Corbatita

Tendría treinta, cuarenta años cuando iba casi todos los días, antes de la siesta, a la Parrilla El Patio de la calle Bolívar en busca de los huesitos para sus perros. Un hombre delgado, endeble, con una sonrisa instalada en su boca, siempre bien vestido, o pulcro, con su camisa blanca; traía su bolsita de tela para guardar ahí los huesos que le juntábamos de las famosas tiras de costillas y marucha de la Parrilla. Infaltable caballero esperaba en la puerta del pasillo a que le lleváramos el alimento para sus perros. Poco sabíamos de él, pero lo suficiente como para que se convirtiera en un personaje de leyenda. Que había estado estudiando medicina en Córdoba y fue tanto el esfuerzo que tuvo un surmenage y así quedó. Que vivía con unas hermanas en una casa imponente en el boulevard Roca y lo distintivo era que el señor siempre andaba en camisa con la corbata puesta, como un oficinista. De ahí su nombre, su apodo. Lo veíamos irse Bolívar arriba hacia el boulevard, con su paso corto, paso inquieto y miedoso, con su bolso colgando de la mano, tal vez feliz por tener el alimento para sus perros. Nos queda en el recuerdo su rostro sereno, de sonrisa fácil, un hombre menudo, agradecido por esos huesos que, solícitos, le juntábamos para este hombre tan educado, o mejor, tan prudente que apenas le habremos escuchado de su boca una y cien veces sus gracias, o su buen día, que no hubo diálogos extensos ni intromisión a su historia. Quedó así, como quien se va por un esfuerzo mental y todo lo que en su torno haya existido no pasa para nosotros de esas búsquedas del alimento para sus perros.
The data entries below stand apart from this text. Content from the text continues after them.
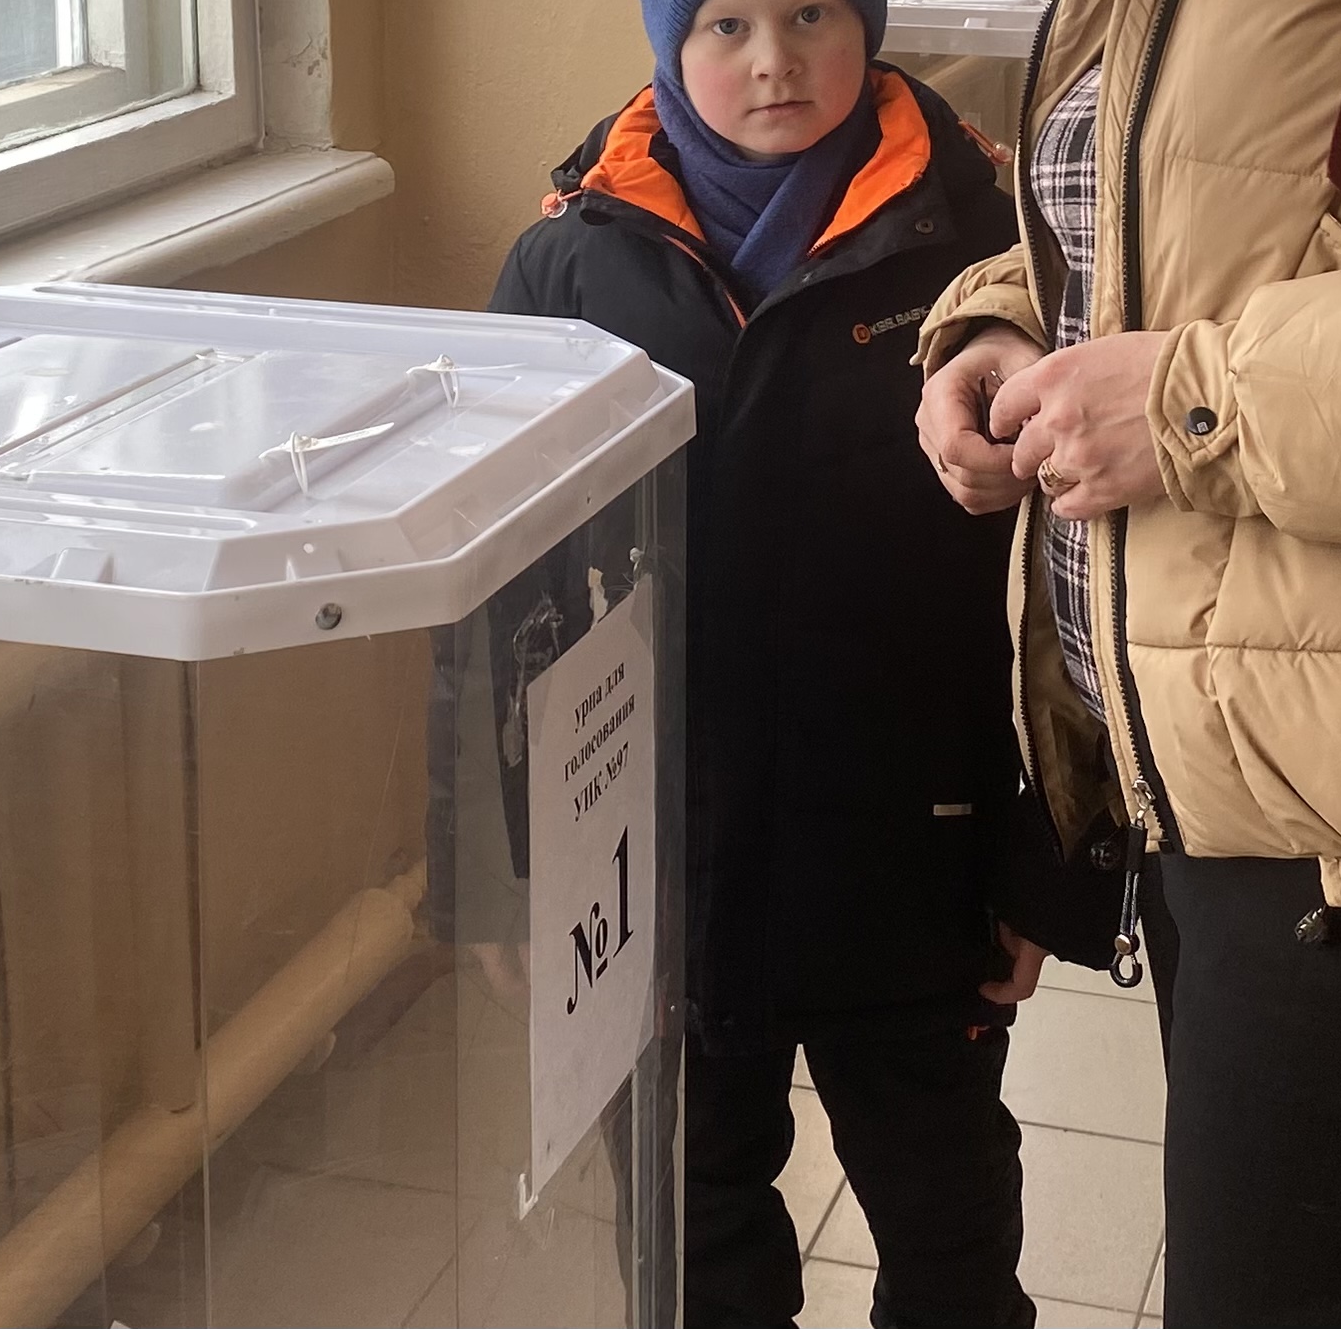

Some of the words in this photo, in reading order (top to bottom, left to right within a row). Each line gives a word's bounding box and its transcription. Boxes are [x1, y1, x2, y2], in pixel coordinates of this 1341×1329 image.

[573, 684, 603, 734] урна
[604, 661, 626, 701] для
[563, 692, 636, 783] голосования
[573, 769, 603, 823] УИК
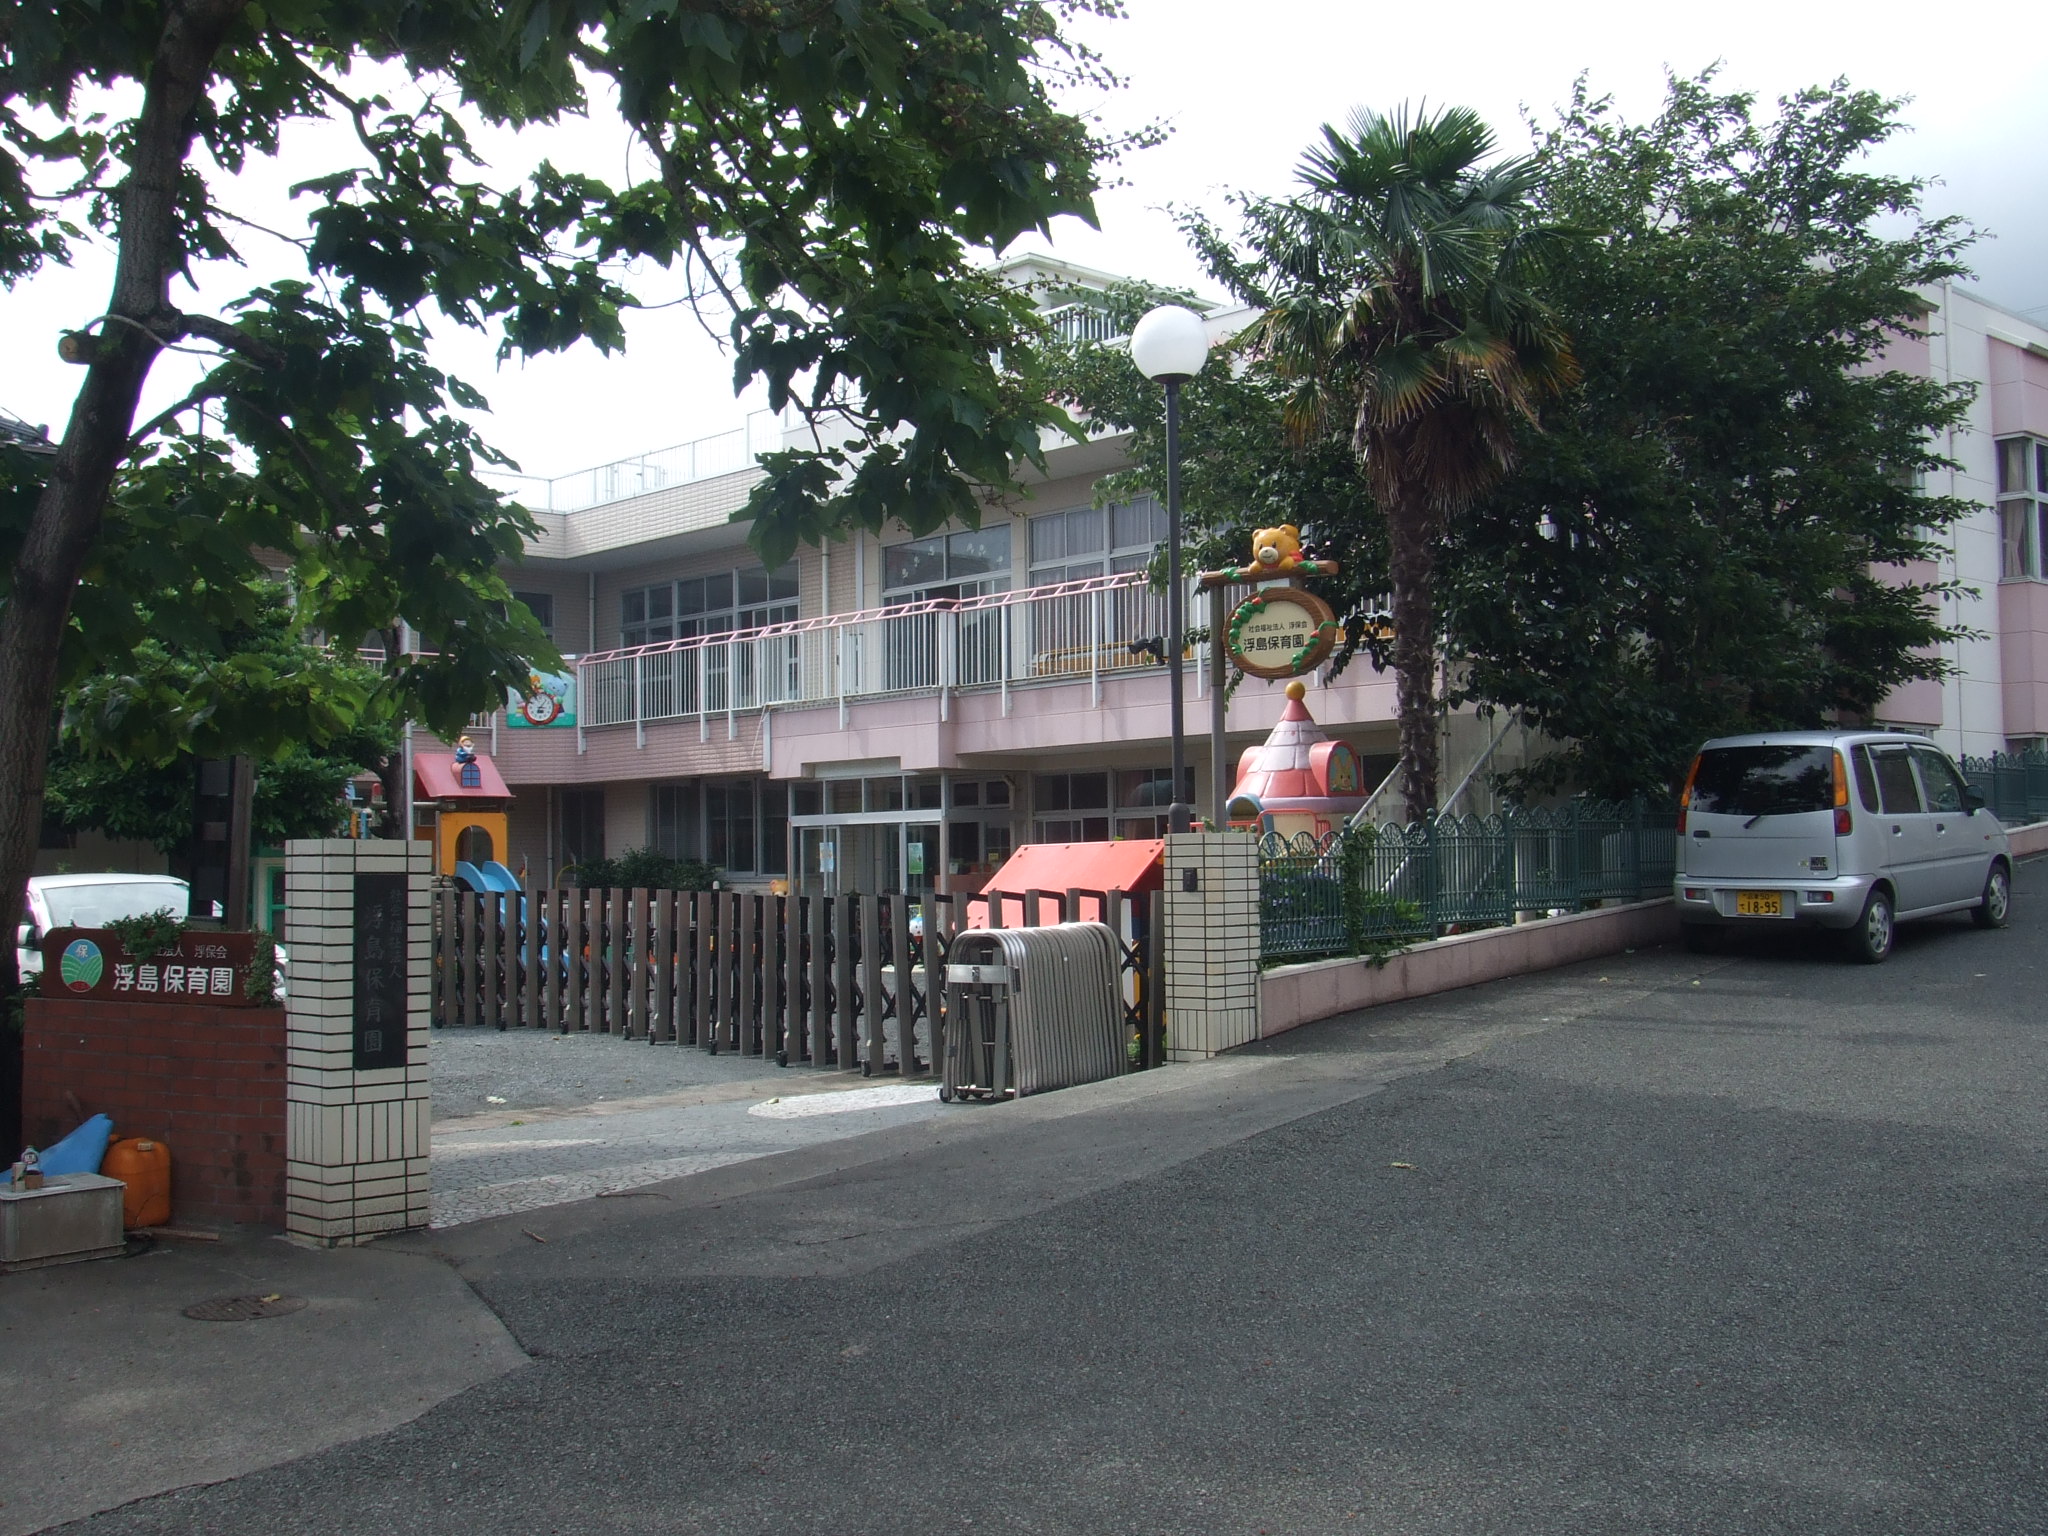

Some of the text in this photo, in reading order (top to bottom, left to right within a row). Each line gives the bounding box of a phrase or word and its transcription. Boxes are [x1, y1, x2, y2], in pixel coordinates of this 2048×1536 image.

[1244, 633, 1305, 652] 浮島保育園
[1747, 901, 1778, 914] 18-95
[75, 944, 88, 958] 保
[194, 944, 228, 959] 浮保会
[113, 963, 234, 996] 浮島保育園
[363, 904, 385, 1054] 浮島保育園
Es posible que se asomara por las vidrieras que daban a la calle anunciando su llegada y alguno de nosotros saldría con los huesos hasta la calle por el pasillo o él entraría, a paso de corredor,  para que no esperáramos tanto, agradecido con esa manera  de hacerlo que queda para siempre grabada en el corazón como un modo inigualable.